The House Republican 2012 Budget:
An Attack on Senior and Retiree Economic Security

Background

Montage_FamilyKidsSeniors.jpgHouse Republicans introduced a budget resolution that fundamentally restructures Medicaid and Medicare, and leaves open the possibility of future assaults on Social Security. The Ryan budget converts Medicaid into a block grant to the states, resulting in deep cuts to vital services that seniors and individuals with disabilities depend. Starting in 2022, Medicare would cease to exist in its current form and become a voucher program. Ryan's plan also raises concerns about the solvency of Social Security.

Impact of 2012 House Budget on Medicaid

  • At least 15 million Americans could lose Medicaid coverage under the Ryan block grant. Medicaid offers essential healthcare coverage for nearly 60 million of the most vulnerable Americans including seniors, individuals with disabilities, low-income families and children. It is the nation's main source of payment for long term care, covering a million nursing homes residents and paying for 41 percent of all long term care expenditures in the country.
  • Optional Medicaid services, such as home- and community-based care, will be scaled back, if not eliminated based on the priorities and the budget constraints facing the states. Medicaid provides assistance with co-pays, deductibles and long term care services for low-income Medicare beneficiaries age 65 and older. About one in six Medicare beneficiaries are also covered by Medicaid. Medicaid also helps pay for services not covered by Medicare, including long term care services such as home- and community-based services.
  • The proposal would cut Medicaid by $1 trillion over the next decade by turning it into a block grant to the states and repealing the Affordable Care Act. Currently, federal Medicaid financing is tailored to provide coverage to eligible populations, whether the size of those populations grows or shrinks, making it responsive to economic conditions. If a state's Medicaid expenditures increase due to an economic downturn when more families rely on Medicaid, the federal government shares in the increased costs. Under a block grant, the federal government would provide each state with a fixed dollar amount and states would be responsible for all remaining Medicaid costs, forcing state and local governments to either slash benefits or raise taxes to cover the shortfall. States are more likely to cap enrollment, scale back eligibility, and reduce benefits rather than raise taxes. Making matters worse, the block grant would be adjusted each year by inflation, far below the level of healthcare cost growth, placing greater pressure on states to reduce eligibility and benefits.
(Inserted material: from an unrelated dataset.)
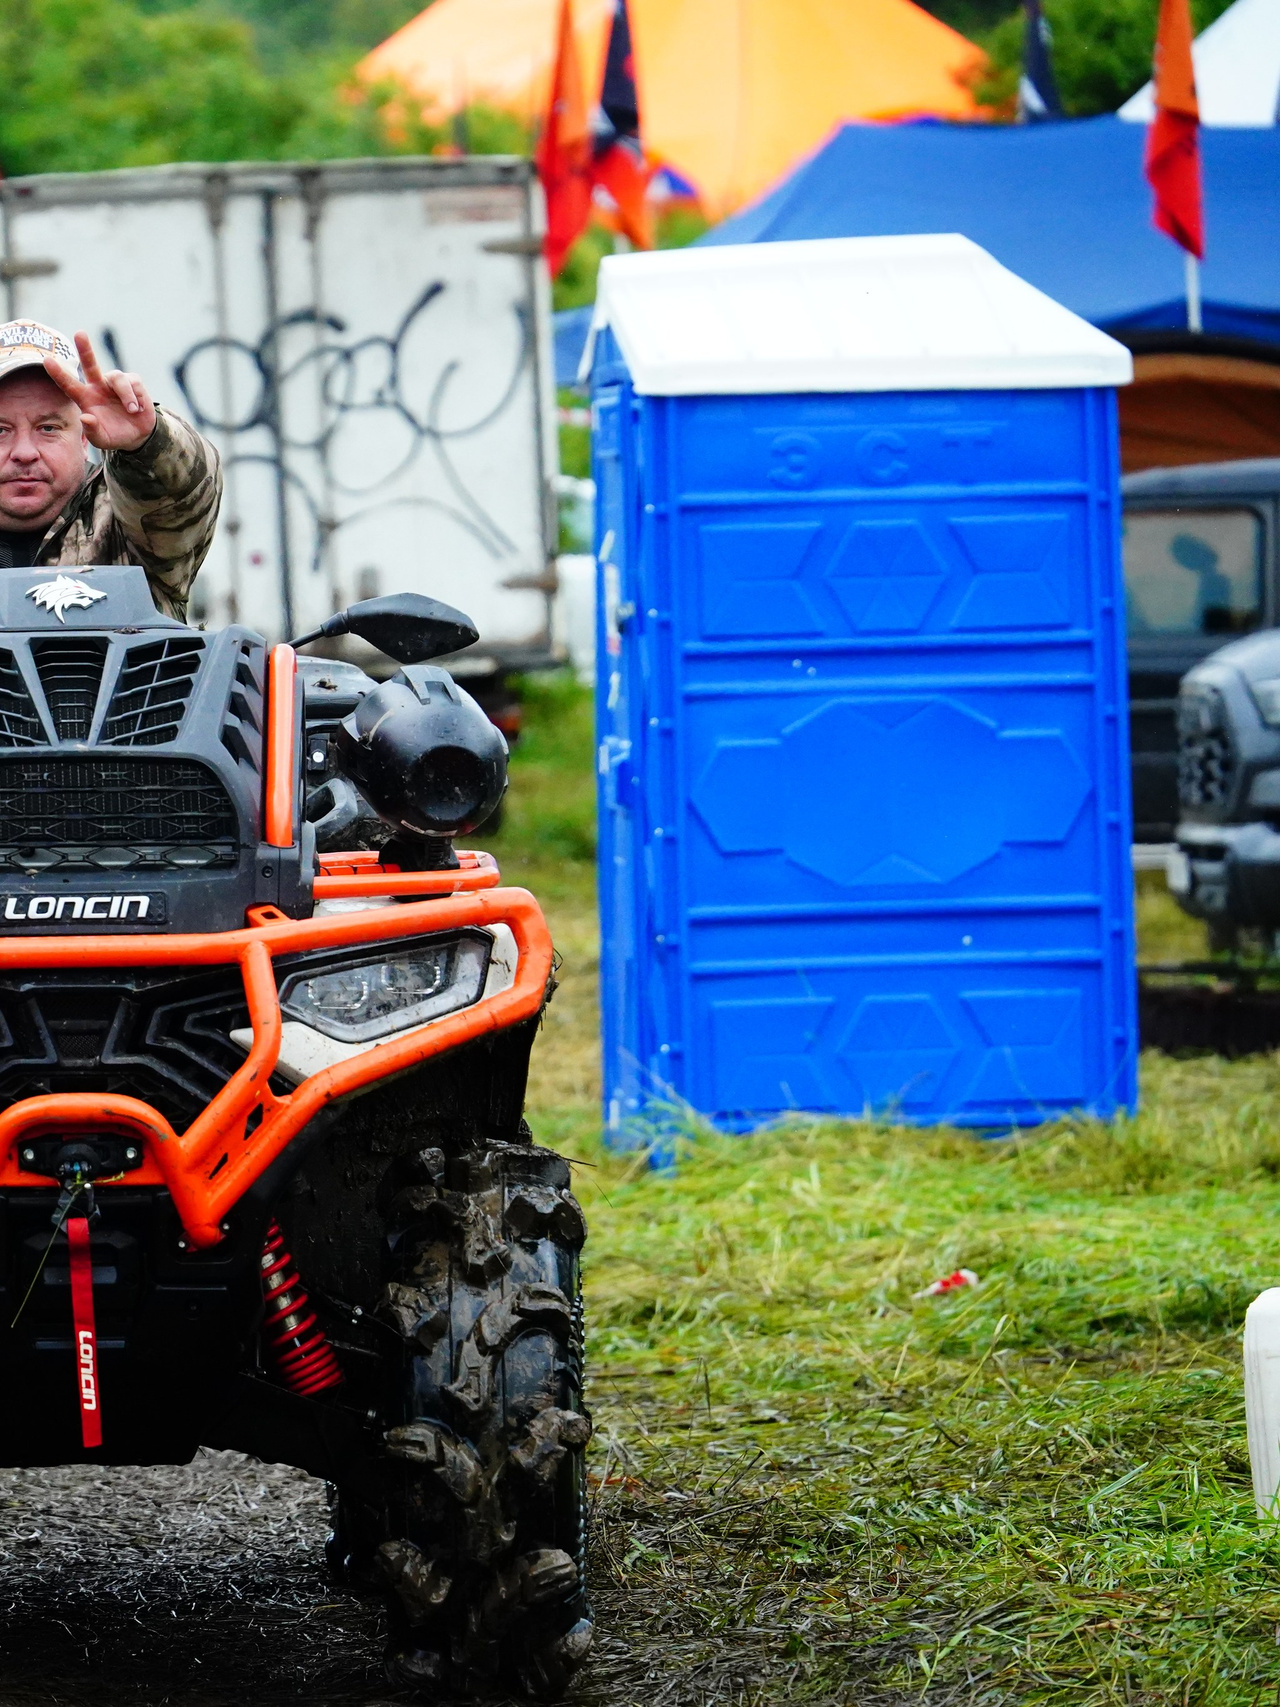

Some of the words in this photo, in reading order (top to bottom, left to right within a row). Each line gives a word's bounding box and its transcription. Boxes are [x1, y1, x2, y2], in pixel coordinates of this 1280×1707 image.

[2, 333, 50, 349] MOTORS
[24, 325, 54, 344] FANG
[4, 895, 151, 920] LONCIN
[78, 1330, 97, 1411] LONCIN
Impact of Ryan 2012 House Budget on Medicare

  • 20 million near-elderly will not have Medicare when they retire. Starting in 2022, Medicare will be eliminated for new beneficiaries and converted into a voucher program. There are more than 20 million near-elderly Americans who are now ages 50-54 who would not get Medicare when they retire but instead only get a coupon to purchase private health insurance. This approach would transfer control of Medicare to private health insurance companies, essentially ending Medicare as we know it. Coverage under these plans will actually cost more due to insurance companies' considerably higher administrative costs, but will provide no more value to beneficiaries.
  • Voucher proposal will double healthcare costs for seniors. The voucher fails to keep pace with increases in the cost of healthcare. As a result, seniors will be forced to pay even higher premiums to access the same benefits they would receive under the current system. According to the Congressional Budget Office (CBO), a typical senior will spend more than twice as much of his or her own income on healthcare services under the Ryan proposal as compared to the current Medicare system.
  • 65- and 66-year-olds lose Medicare and face a discriminatory private insurance market. Ryan's plan raises the eligibility age for Medicare from 65 to 67, at the same time it repeals the protections in the Affordable Care Act for individuals approaching Medicare eligibility. Fifty-five to 65-year-olds struggle in the individual health insurance market, facing astronomical premiums, pre-existing condition exclusions, denials and inadequate coverage. Ryan's Medicare proposal would roll back the protections of healthcare reform and throw even more people to the discriminatory individual health insurance market.

Impact of the 2012 House Budget on Social Security

  • The proposal would require the President to recommend changes to Social Security when a shortfall in Social Security arises--even if that shortfall does not appear for 75 years. Ryan rules out raising new revenue (i.e., raising the payroll tax cap so the wealthier pay their fair share toward Social Security) to achieve long-term solvency.

    Ryan's plan also specifically endorses the Bowles-Simpson recommendations to cut future Social Security benefits for everyone who is earning more than $22,000 a year right now (while they're working)--the vast majority of Americans.